Andrew Gillingham: Locals remember young man with ‘infectious’ smile

Andrew Gillingham

There will be one less smile on the fishing docks this season.

Destin’s Andrew Gillingham, a 29-year-old deckhand, died Sunday.

Gillingham has worked on various charters in the Destin fleet from the Sunrise, Vengenance, the Outta Line to the Backdown 2.

“I don’t know anybody that didn’t like Andrew,” said Capt. Gary Jarvis of the Backdown 2.

“He had such a bubbly personality. He was respectful of the customers and was good with the kids,” Jarvis said.

“He was valuable to have on the back deck, because of his personality and he knew his way around the boat.”

Gillingham had just finished one full season with Jarvis, but has fished off and on with him for the past three years on the long tuna trips. Gillingham, who also had his captains license, would serve as his second captain.

“He knew the business. He was smart. He knew how to take care of people and boats.”

But the thing Jarvis said he will miss about Gillingham is “his smile … it was very infectous. He was always up.

“When the motors cranked and the customers are on … it was game time.”

“I’ll just miss his positive attitude,” Jarvis said.

“He could light up the crew on the boat,” said Capt. Trey Windes of the Outta Line.

Gillingham worked with Windes for about four years as a first mate.

“He was infectious,” with his smile, Windes said.

But he was also helpful and talented.

“He would break his back trying to help you. He was incredibly willing to help you if he could,” Windes said.

Windes said he was good at everything he tried to do from fishing, fiberglassing, mechanicing and painting.

“He could do anything,” Windes said.

As a matter of fact, Windes recalled a day when they were at dry dock and needed a certain wrench.

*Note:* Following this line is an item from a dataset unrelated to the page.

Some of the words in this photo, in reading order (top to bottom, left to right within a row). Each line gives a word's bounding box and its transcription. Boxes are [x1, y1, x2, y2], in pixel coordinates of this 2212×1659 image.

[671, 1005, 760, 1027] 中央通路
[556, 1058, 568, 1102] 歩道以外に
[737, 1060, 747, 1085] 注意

“So he built one from scratch out of fiberglass,” Windes said. They were able to fix the boat and drive it back.

“I still have it. I wont throw it away,” he said.

And Gillingham loved being on the water.

“He loved to fish. He had that passion about it that made him good at it,” Windes said.

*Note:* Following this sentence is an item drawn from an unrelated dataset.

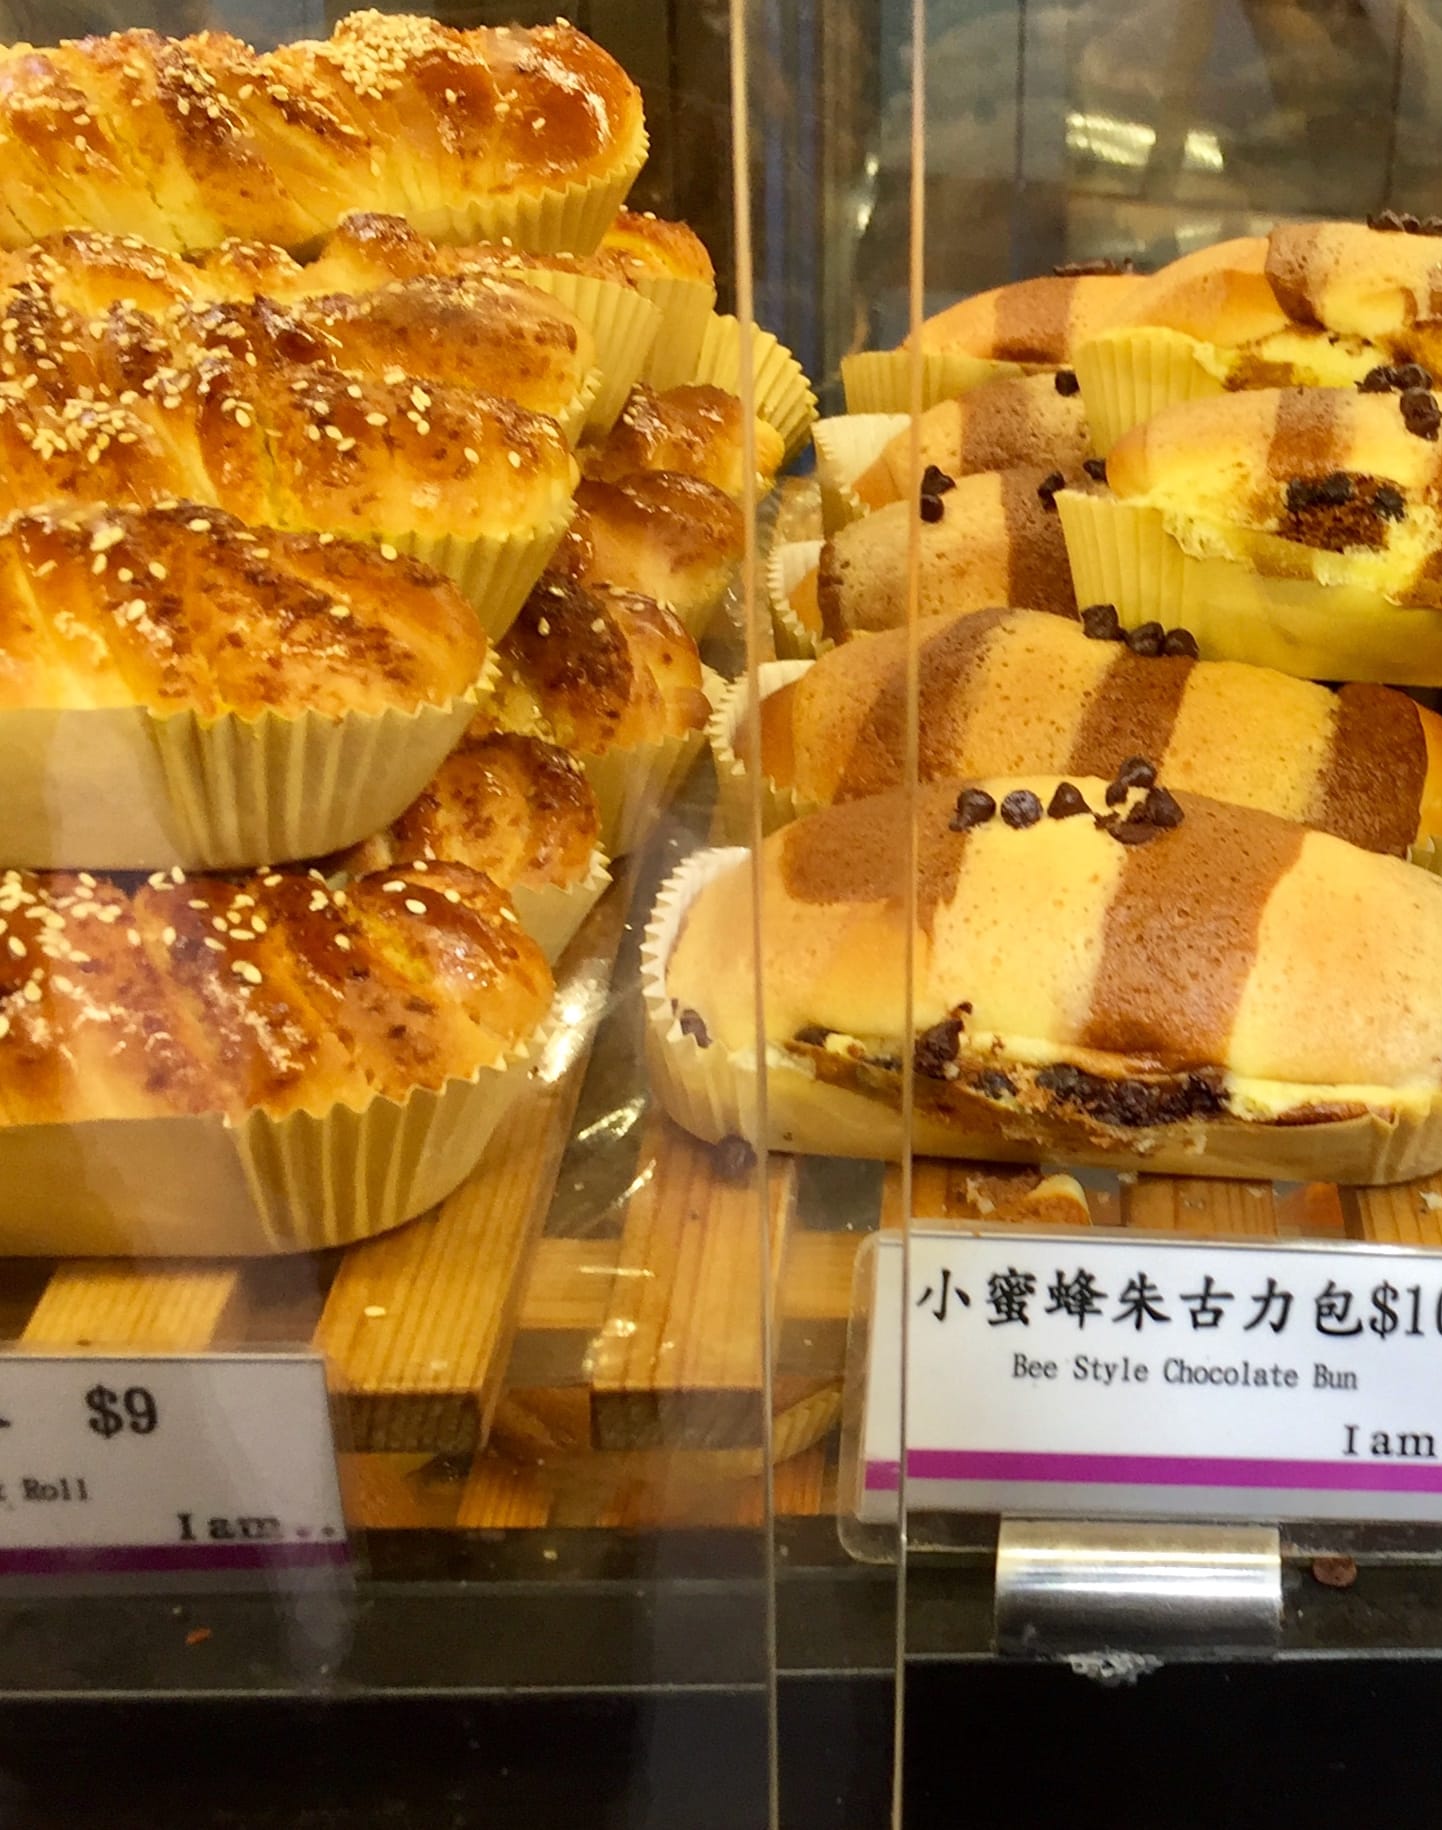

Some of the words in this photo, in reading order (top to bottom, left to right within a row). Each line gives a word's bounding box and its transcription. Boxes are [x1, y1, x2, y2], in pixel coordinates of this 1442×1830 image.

“He could work a 30-hour shift commercial fishing without slowing down,” said deckhand Travis Marlin, who has worked the back deck on the Backdown 2 with Gillingham the last year.

“He was fast paced and good with people. Always on top of things.”

He was especially good with the kids on the boat, he said.

Marlin has worked off and on with Gillingham for about eight years, but fulltime for the past couple.

The fish story he remembers most about Gillingham is the time they fought a 250-pound swordfish in the pouring rain for about six hours.

But the thing he’ll miss most is his smile.

“He was always smiling … His smile will bring you up.”

However, as word of his death spread throughout the community,  people and businesses around town have stepped up to lend a helping hand in handling expenses.

Currently the Fisherman’s Foundation is taking donations for Andrew Gillingham.

A fundraiser will be held 7-10 a.m. Sunday at Emerald Coast Scuba. The Big Red Truck will be cooking up a pancake breakfast for donations. There will also be raffle items.

The Boathouse Oyster Bar will be doing a raffle from 4 p.m. til close on Jan. 17

There has also been a Facebook page created,  “Friends and Family of Andrew Gillingham” where folks can post memories and photos.

A celebration of life service will be held at 4 p.m. Friday in the Fisherman’s Wharf building at Fishing Fleet Marina. Jackacuda’s will be serving up food at the services. A burial at sea is planned for a later date.